_TASK DIRECTIONS_
Pictures aside, repeat every record below exactly.
Top of PROVIDED INFORMATION
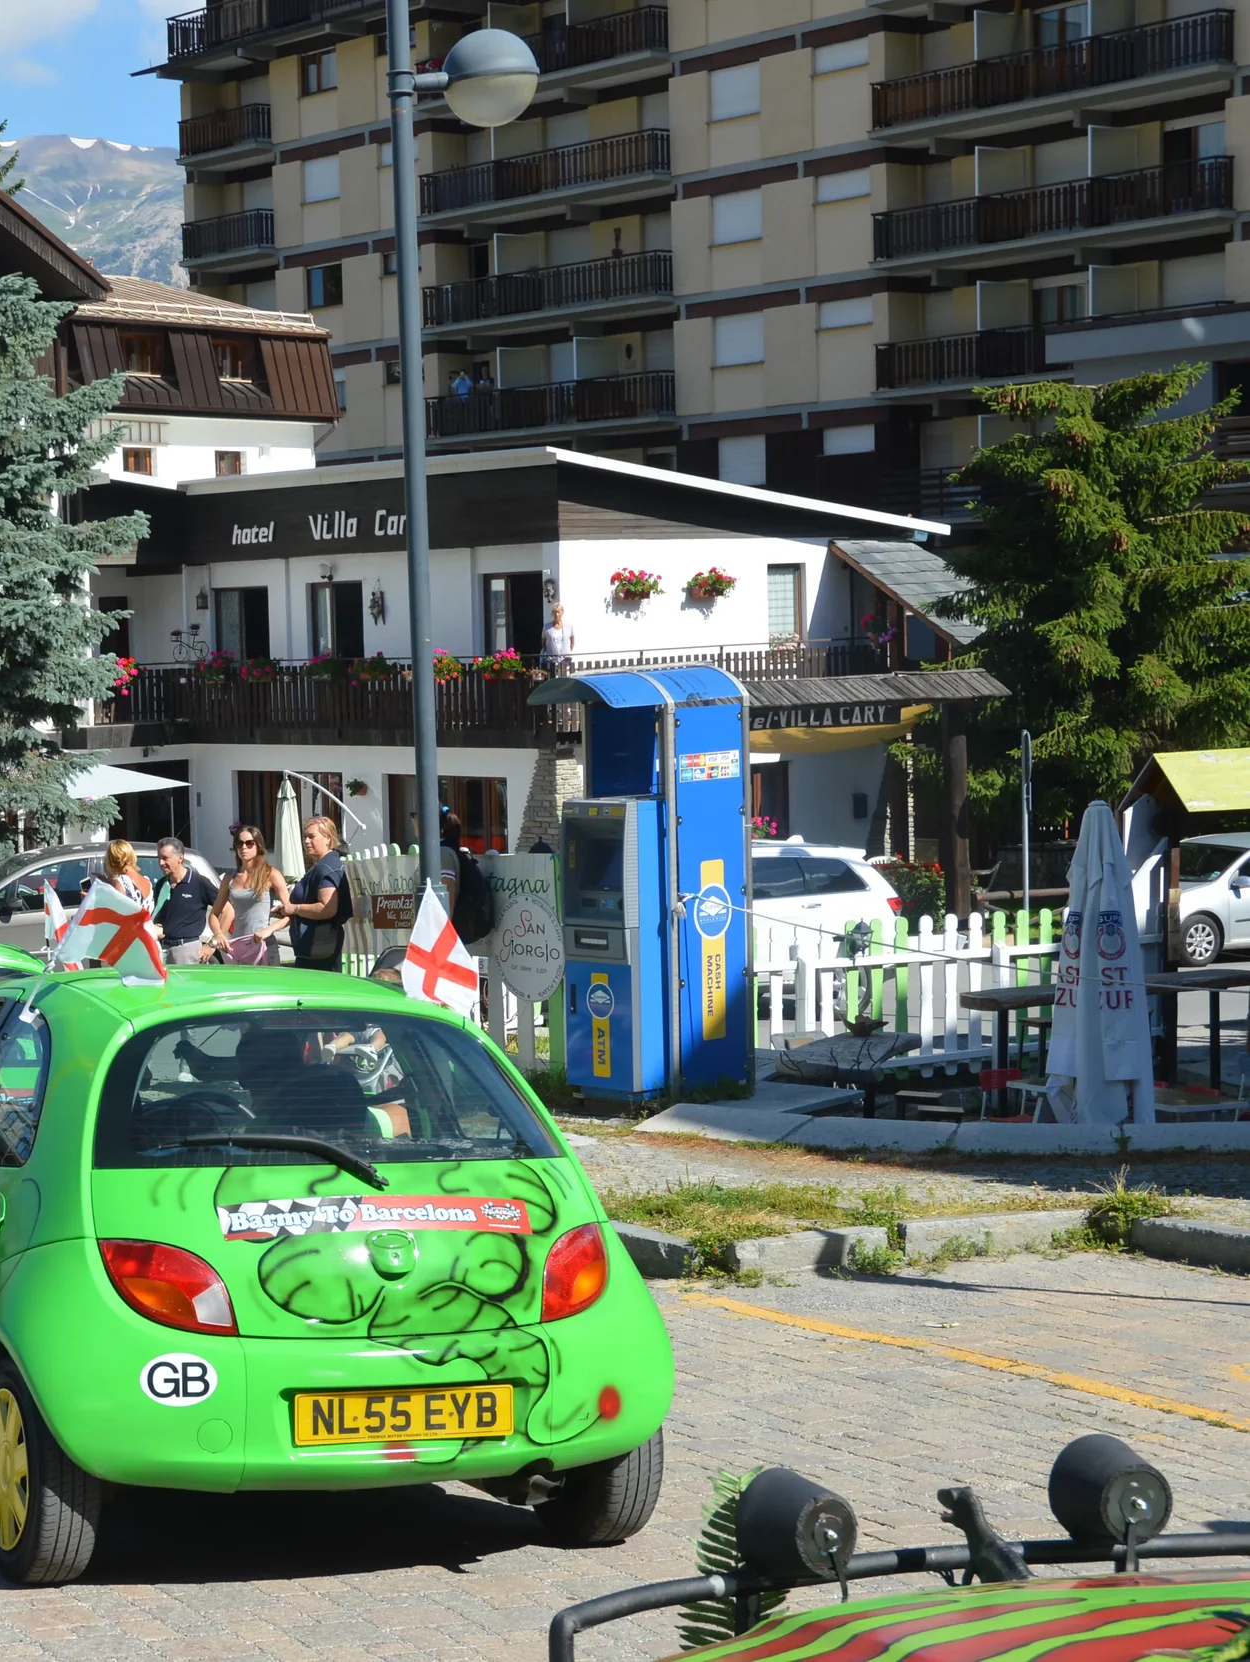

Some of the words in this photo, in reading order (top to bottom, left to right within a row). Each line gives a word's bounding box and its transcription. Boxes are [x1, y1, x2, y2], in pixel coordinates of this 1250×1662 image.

[232, 521, 275, 546] hotel
[308, 510, 358, 540] Villa
[374, 509, 407, 536] Car
[839, 705, 887, 725] CARY
[487, 872, 551, 899] tagna
[597, 1027, 606, 1066] ATM
[228, 1207, 315, 1233] Barmy
[320, 1204, 356, 1224] To
[358, 1202, 478, 1223] Barcelona
[147, 1361, 210, 1398] GB
[312, 1395, 411, 1436] NL55
[424, 1391, 498, 1431] EYB
Bottom of PROVIDED INFORMATION
_COMPLETED TASK_
Some of the words in this photo, in reading order (top to bottom, left to right within a row). Each line gives a word's bounding box and its transcription. Boxes are [x1, y1, x2, y2], in pixel coordinates of this 1250×1662 image.

[232, 521, 275, 546] hotel
[308, 510, 358, 540] Villa
[374, 509, 407, 536] Car
[839, 705, 887, 725] CARY
[487, 872, 551, 899] tagna
[597, 1027, 606, 1066] ATM
[228, 1207, 315, 1233] Barmy
[320, 1204, 356, 1224] To
[358, 1202, 478, 1223] Barcelona
[147, 1361, 210, 1398] GB
[312, 1395, 411, 1436] NL55
[424, 1391, 498, 1431] EYB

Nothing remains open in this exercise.